In den Katakomben der Bar trifft man auf den Meister des Eises. Ein Mitarbeiter ist allein dafür verantwortlich, aus den riesigen, eigenproduzierten Eisblöcken Diamanten, Kugeln und Stäbe zu schnitzen, oder Fernet- oder Kiwieiskügelchen zu produzieren. Schafft man es hier mehrere Cocktails zu probieren, erkennt man, dass jeder ein Kunstwerk für sich ist: Infernal Imagery ist ein Cocktail aus Barolo Wein, Maurin Quina (Kirsch und Chinin Likör) und Martinique Rum, der in einer Schatzkiste mit Kirschholz geräuchert serviert wird. Auch eine außergewöhnliche Kreation ist der Five Food Groups aus amerikanischem White Dog mit belgischem Pfirsich-Ale, Pfirsichsirup, Zitrone und gefrorenen Amaro-Kaffebällchen. „Wir dekonstruieren hier die Klassiker und setzten sie dann wieder neu zusammen, immer auf der Suche nach Kontrasten“, sagt Charles. Wer doch die klassische Bar bevorzugt, tätigt eine Reservierung im Office. Die kleine geheime Bar im Keller von The Aviary hat keine Karte. Besonders sonntags nutzt Charles selbst die Gelegenheit, aus den vielen hausgemachten Tinkturen einmalige Kreationen á la minute für seine Gäste zu mixen. Am besten man bringt die Kreditkarte mit und genießt bei einer abendfüllenden Tour alle Outlets, dann lohnt sich auch die Fahrt in das industrielle Fulton Market Viertel.

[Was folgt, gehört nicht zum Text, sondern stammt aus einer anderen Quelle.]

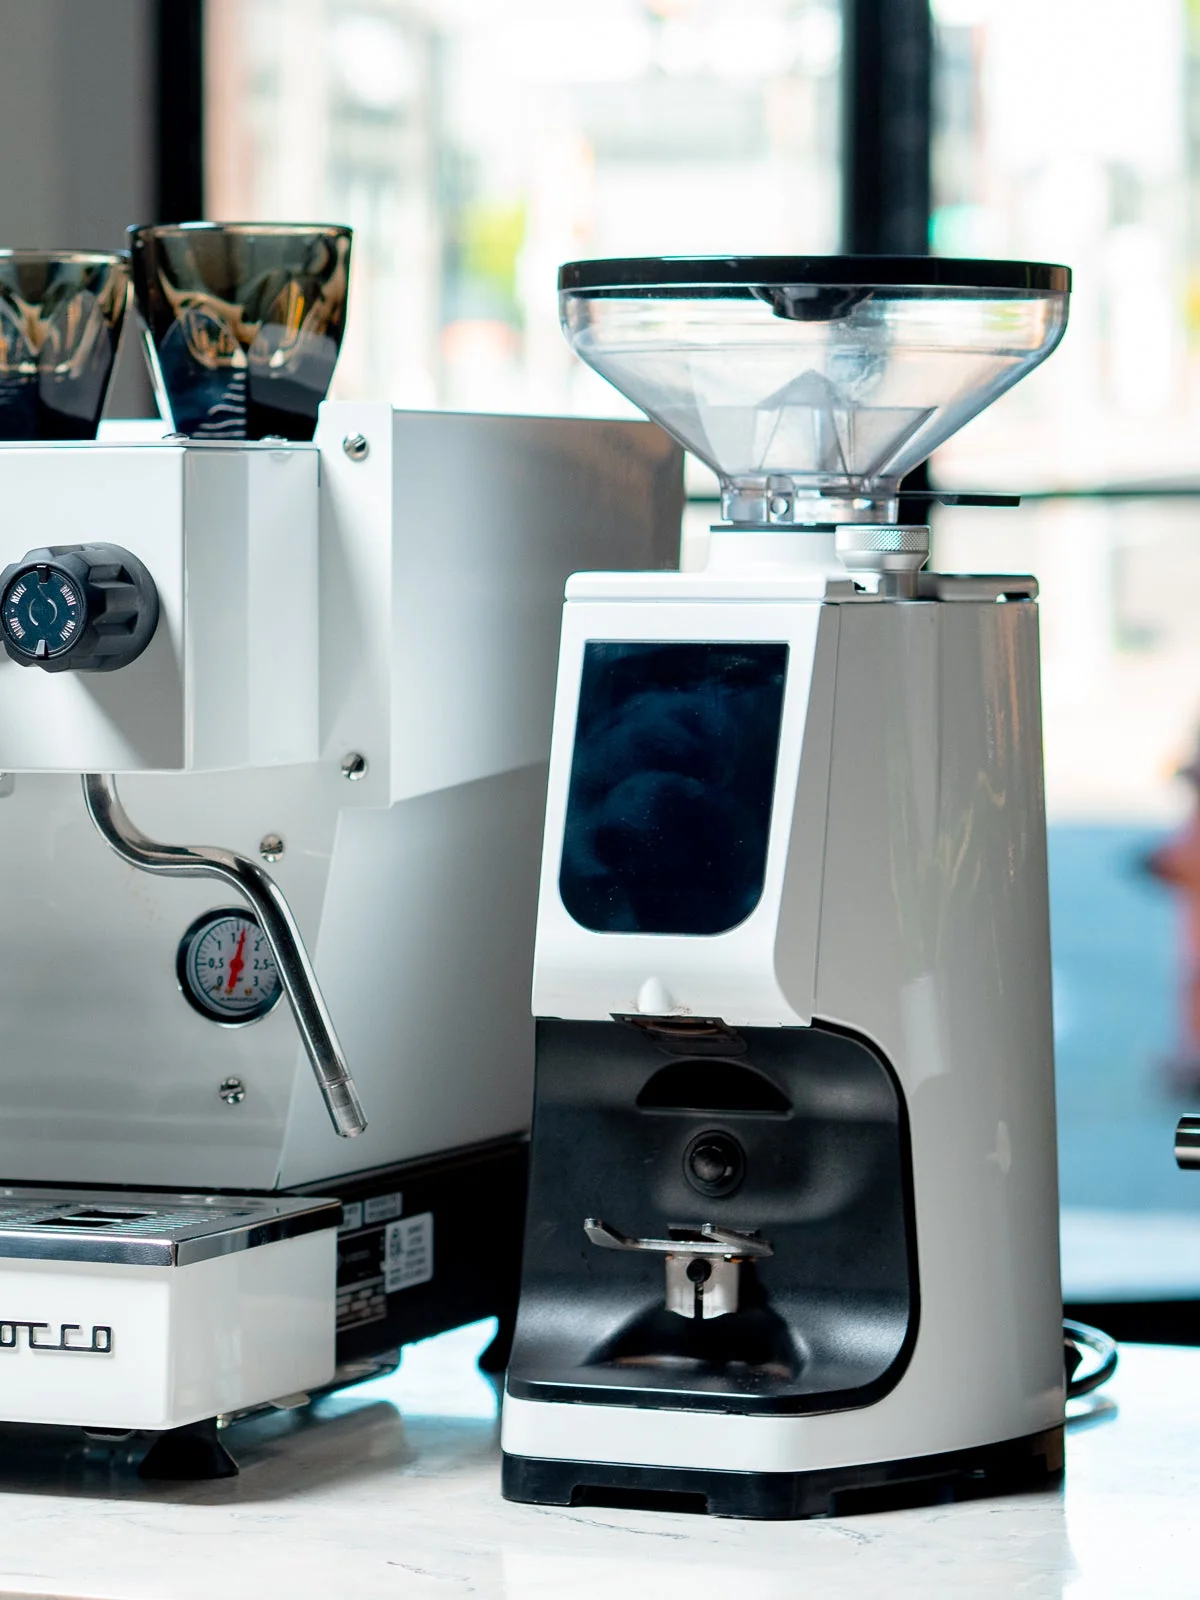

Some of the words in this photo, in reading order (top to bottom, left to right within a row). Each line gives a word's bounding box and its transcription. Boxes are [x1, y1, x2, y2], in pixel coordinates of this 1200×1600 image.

Auch nach einem so inspirierenden Abend im Aviary braucht man einen Absacker, und so endet diese Bartour durch Chicago wie sie angefangen hat, mit einer verruchten, dunklen Jazz Bar, in der man meinen könnte, auch heute Abend noch Al Capone höchstpersönlich über den Weg zu laufen. The Whistler bei Logan Square hat ihren Platz seit der ersten Stunde in Chicagos Cocktail Szene. Als die kleine Cocktailbar mit Jazzbühne 2008 aufgemacht hat, stand mit Paul McGee, einer von Chicagos besten Bartendern, hier am Brett. Die Cocktailkarte heute ist genauso vielfältig wie die Musik, die hier täglich verschiedene Musiker live spielen: Der Delhi Cooler mit Gin, Curry Nektar, Ananas und Limette, erinnert an einen melancholischen Samba, wobei der German Shepherd mit Rye Whiskey, Underberg, Grenadine und Orangenbitter, eine gewaltige Soul-Stimme erklingen lässt. Wir fassen zusammen: In Chicago findet jeder die passende Theke für sich. Heute noch ein bisschen mehr als damals, als Al Capone in Chicago das flüssige Angebot bestimmte.